### EXERCISE DIRECTIONS
Every entry below should be printed exactly, without its images.

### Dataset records
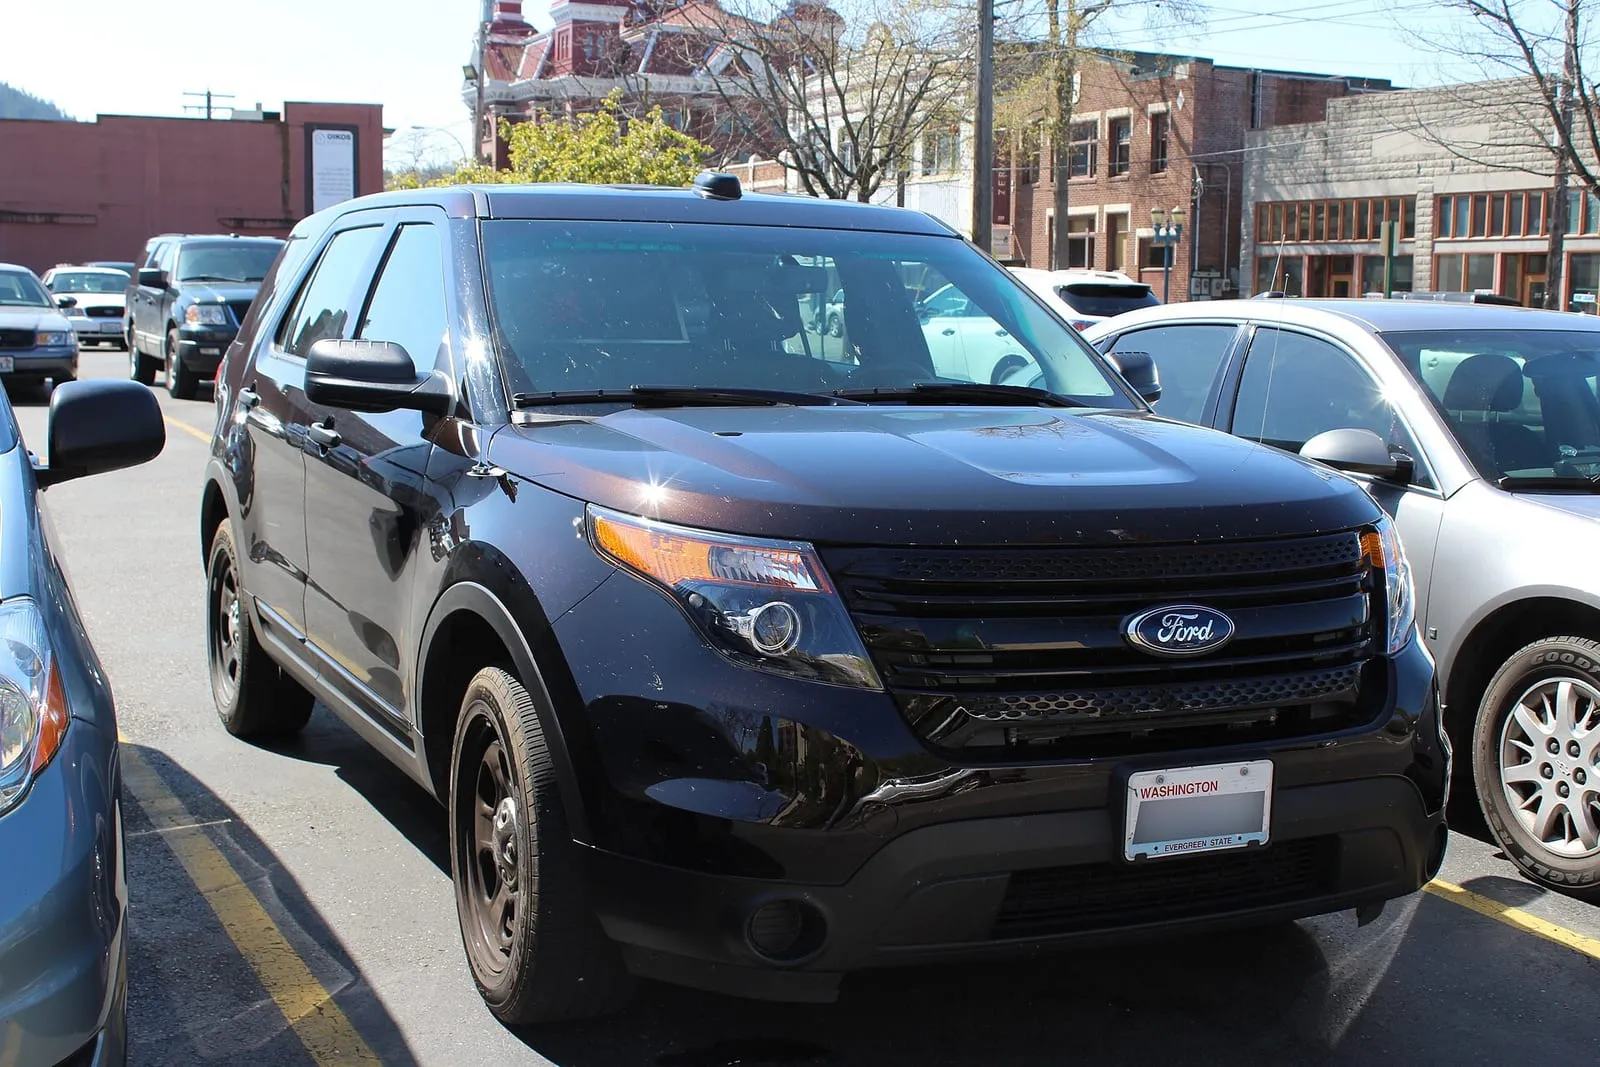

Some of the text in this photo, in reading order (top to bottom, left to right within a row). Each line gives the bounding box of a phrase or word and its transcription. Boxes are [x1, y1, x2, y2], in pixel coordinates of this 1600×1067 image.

[1157, 613, 1214, 643] Ford
[1140, 780, 1219, 800] WASHINGTON
[1164, 837, 1233, 852] EVERGREEN STATE
[1519, 855, 1596, 884] EAGLE

### YOUR RESPONSE
Some of the text in this photo, in reading order (top to bottom, left to right within a row). Each line gives the bounding box of a phrase or word and its transcription. Boxes are [x1, y1, x2, y2], in pixel coordinates of this 1600×1067 image.

[1157, 613, 1214, 643] Ford
[1140, 780, 1219, 800] WASHINGTON
[1164, 837, 1233, 852] EVERGREEN STATE
[1519, 855, 1596, 884] EAGLE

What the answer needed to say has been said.